Segundo a definição utilizada pelo IBGE[1] em suas pesquisas: Família consiste no “conjunto de pessoas ligadas por laços de parentesco, dependência doméstica ou normas de convivência, residente na mesma unidade domiciliar, ou pessoa que mora só em uma unidade domiciliar. (...) Consideram-se como famílias conviventes as constituídas de, no mínimo, duas pessoas cada uma, que residam na mesma unidade domiciliar (domicílio particular ou unidade de habitação em domicílio coletivo.)”

Em meio à complexidade característica da sociedade contemporânea plural e multifacetada, a conceituação de família agrega elementos jurídicos, econômicos, sociais, psicológicos e afetivos, não cabendo em simples definições gramaticais.

 O termo família origina-se de famulia, por derivação de famulus, i, do osco famel,  antigo povo que habitava a Itália central, designando o conjunto de pessoas submetidas à autoridade do pater famílias, e, por conseguinte, todos os escravos e o acervo patrimonial pertencentes a um Senhor.[2]

 Com efeito, a família romana, originalmente, possuía forte vínculo religioso constituindo uma unidade politica e econômica submetida à autoridade absoluta e despótica do pater famílias, organizada sob a forma patriarcal e hierarquizada.

A manutenção da unidade doméstica dependia diretamente da comunhão religiosa, da continuidade do culto aos antepassados que passava do pai ao filho varão, estabelecendo a religião os fundamentos de organização da família romana.

 A mulher somente era considerada integrante da família quando a cerimônia do casamento a tivesse iniciado no culto doméstico de seu marido, além do que, o herdeiro ou legatário perderia o beneficio patrimonial se abandonasse o culto do autor da herança.

 Assim, o vínculo de sangue mostrava-se mais frágil do que o liame religioso, constituindo a família romana uma unidade política, econômica e religiosa visando a invocação dos mesmos antepassados, pouco preocupada com a felicidade pessoal de cada um de seus membros.

 No topo da entidade familiar encontrava-se pater-famílias exercido exclusivamente pelo varão que cumulava as funções de sacerdote, legislador e juiz, detentor do poder absoluto sobre todo o patrimônio, escravos e demais membros vinculados ao culto doméstico.

 A crescente influência da Igreja Católica acarreta profundas transformações na família romana, enfraquecendo o culto doméstico a partir de Constantino, vindo a declínio a autoridade do pater famílias que perdeu muitas de suas funções para entes estatais.

 As ideias liberais provenientes das revoluções burguesas do século XVIII também exerceram influência sobre a estrutura familiar, privilegiando a individualidade e o afastamento do caráter religioso do casamento.

 O Código de Napoleão (1804) ao admitir o instituto do divórcio, qual seja, a dissolução da unidade familiar, acarretou profundas transformações no conceito de casamento, atrelado agora a natureza contratual e não mais, eminentemente sacramental.

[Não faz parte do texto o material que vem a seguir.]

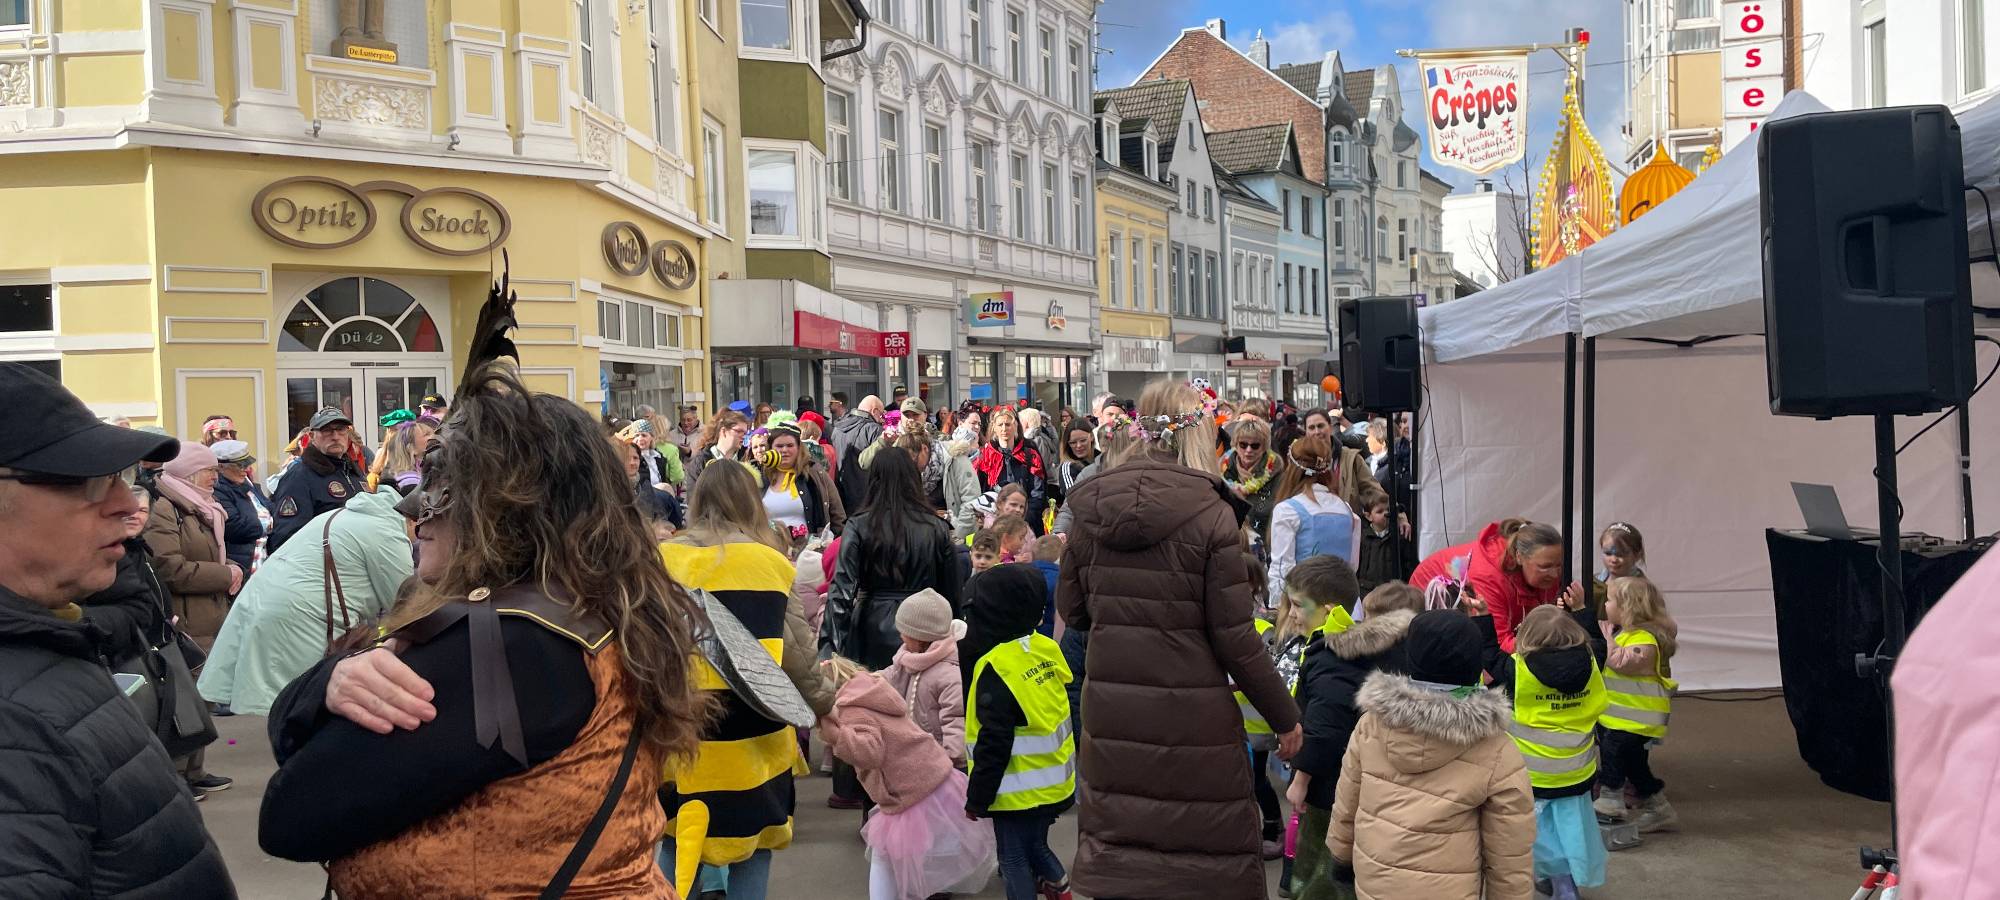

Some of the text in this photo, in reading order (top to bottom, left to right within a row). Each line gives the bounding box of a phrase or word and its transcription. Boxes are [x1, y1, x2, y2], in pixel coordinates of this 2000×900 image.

 A evolução do conceito de família acompanhou a própria evolução da sociedade, influenciada diretamente pelos grandes conflitos armados mundiais do século XX, pela revolução dos jovens da década de 1960 e também pelas profundas transformações do sistema de produção capitalista.

 Conforme Eduardo de Oliveira Leite[3]

A revolta estudantil de maio de 1968, em Paris, Berlim ou Berkeley, como em todas as partes do globo, inclusive no Brasil (lutando contra a reforma universitária ou contra o golpe militar de 1964), não se limitava à mera contestação politica, antes uma contestação cultural, revelando que os movimentos sociais desta década, libertários e libertadores, são porta-vozes de exigência de Felicidade e Liberdade, e que esta é única e indivisível.

 

A partir da segunda metade do século XX, a família atravessa uma grande reformulação, deixando de lados o modelo previamente determinado pelo legislador e pela sociedade tradicional (estereotipado) para se transformar no locus da busca da felicidade e realização pessoal.

 Abandona-se a ideia de que somente a união matrimonializada pela Igreja constitui legitima unidade familiar, possibilitando-se a cada um firmar o relacionamento afetivo que melhor atenda às suas legitimas expectativas afetivas e existenciais, firmando-se a heterogeneidade dos arranjos familiares.

 Na lição de Manuel Catells[4]:

 Nasce uma nova família, que continua sendo imprescindível como célula base da sociedade, mas que se funda em valores e princípios diversos daqueles do modelo liberal. Rompendo com o modelo de família fundada exclusivamente no casamento, inscreveu ao lado desta, como o mesmo status, a união estável e a monoparentalidade, igualmente entidades familiares. A família passa a ser sujeito de deveres e instrumento de realização existencial de seus membros. Desta sorte, o legislador constituinte de 1988 forneceu material instigante para a renovação da família, com a consequente superação do paradigma da família patriarcal, fundada na igualdade e na dignidade da pessoa de seus integrante, em regime de cogestão e não discriminatória, eudemonista, pois que já não é mais o patrimônio seu valor fundamental.

 Nesta nova conceituação de família, a autoridade quase absoluta dos ascendentes cede espaço ao amor, compreensão e igualdade, como forma de reafirmação dos laços afetivos fundados na humanização dos relacionamentos.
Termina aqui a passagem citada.